The ship which he commanded in the parliament's service from 1642 to 1645 was the Covenant of Hull. In March 1643 he petitioned the commissioners of the navy to the effect that having been in the service for eight months, he had received only 530l. for payment of his men; that he and his partners were 600l. 'out of purse;' and that there was due to him 1,590l. (Cal. State Papers, Dom. 1643–5). Of his service on land there is no record; but in 1650 hie was again at sea commanding the Trade's Increase, a merchant ship in the employ of the parliament, and afterwards the Centurion, a state's ship, attending the army in Scotland (Penn, i. 297, 303). In November Vice-admiral Penn, being ordered to sail at once for Lisbon, hoisted his flag on board the Centurion, Lawson following m the Fairfax as soon as she could be got ready, exchanging back to the Centurion at Terceira on 22 Jan. 1650–1 (ib. i. 819) [see Penn, Sir William]. He continued with Penn during his Mediterranean command, and returned to England with him 1 April 1652. He was shortly afterwards moved into the Fairfax, which he commanded in the fleet under Blake in the North Sea in June, and in the battle of the Kentish Knock on 28 Sept. [see Blake, Robert]. In the following spring he was vice-admiral of the red squadron m the battle of Portland, 18 Feb. 1652–1653, and co-operated with Penn in the critical manoeuvre which saved the day. The Fairfax received so much damage in the action that she was in need of very extensive repairs, and Lawson was moved (11 March) to the George, on board which he commanded as rear-admiral of the fleet and admiral of the blue squadron in the battles of 2–3 June and 29–31 July 1653 [see Monck, George, Duke of Albemarle]. For his services during the war he received one of the large fold medals and a chain worth 100l.
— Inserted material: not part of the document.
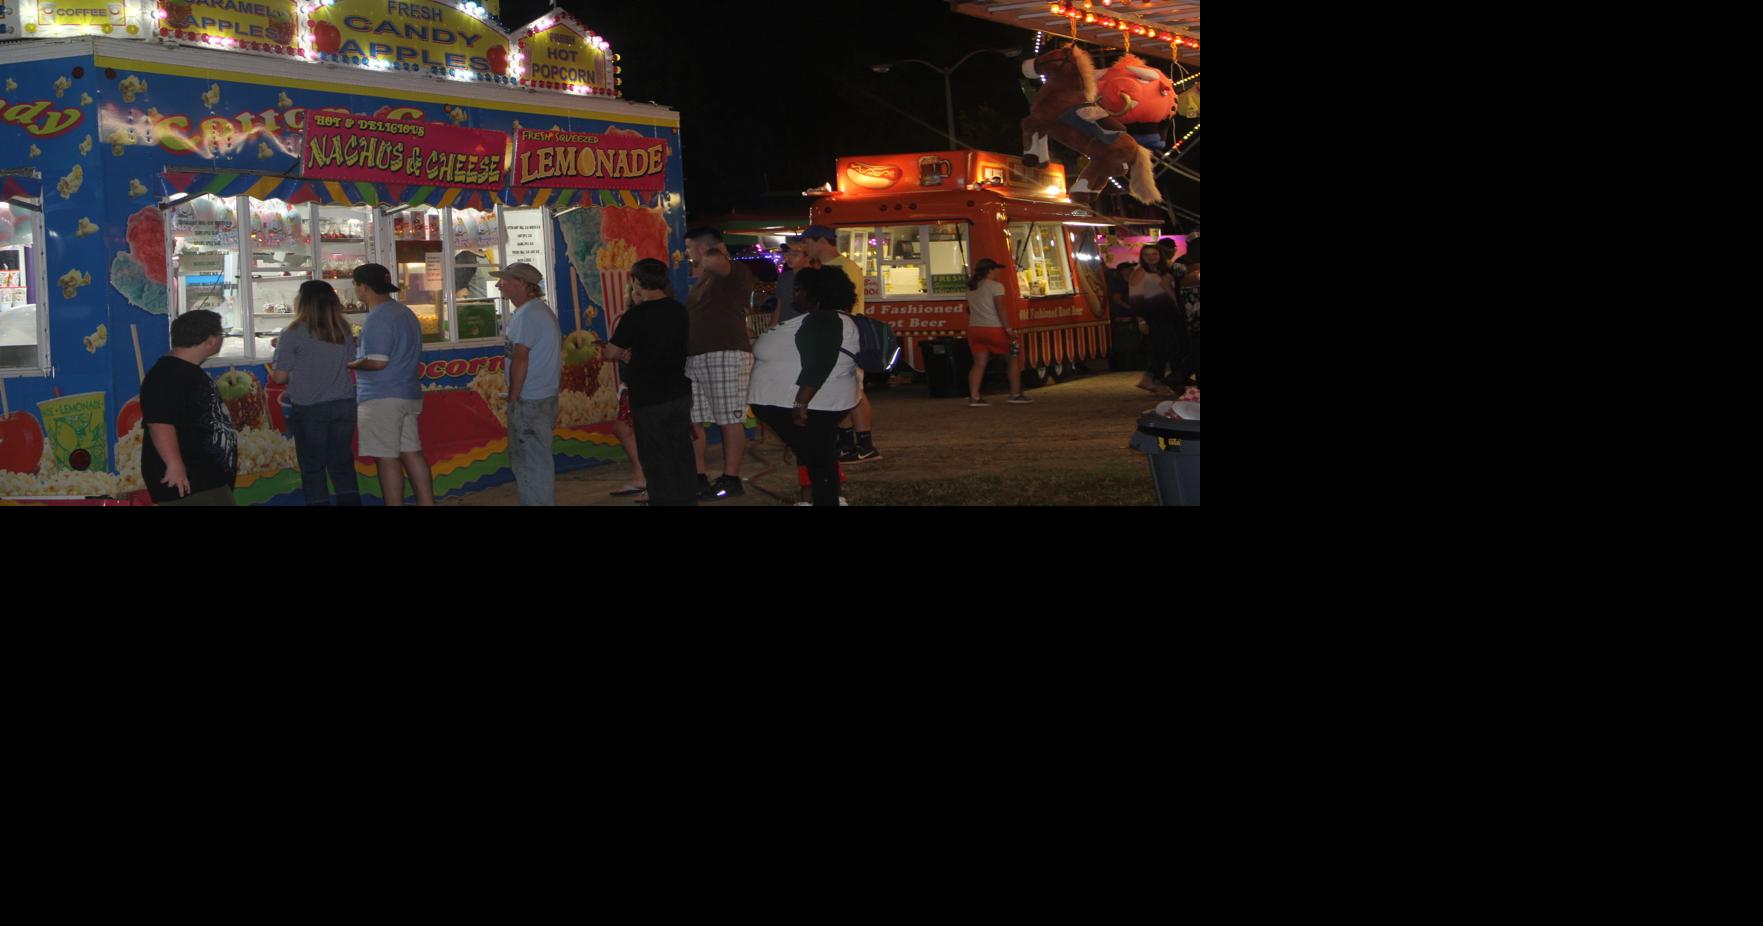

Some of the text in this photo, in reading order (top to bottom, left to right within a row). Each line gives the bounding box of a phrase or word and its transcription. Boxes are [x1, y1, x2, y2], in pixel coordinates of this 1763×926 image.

Through 654 and 1655 Lawson, again in the Fairfax, which had been rebuilt, commanded the squadron employed in the North Sea and the Channel. On 25 Jan. 1655–6 he was appointed as vice-admiral to command the Resolution with Blake off Cadiz; but a few weeks later the commission was cancelled, and Lawson summarily dismissed from the state's service, apparently on political grounds.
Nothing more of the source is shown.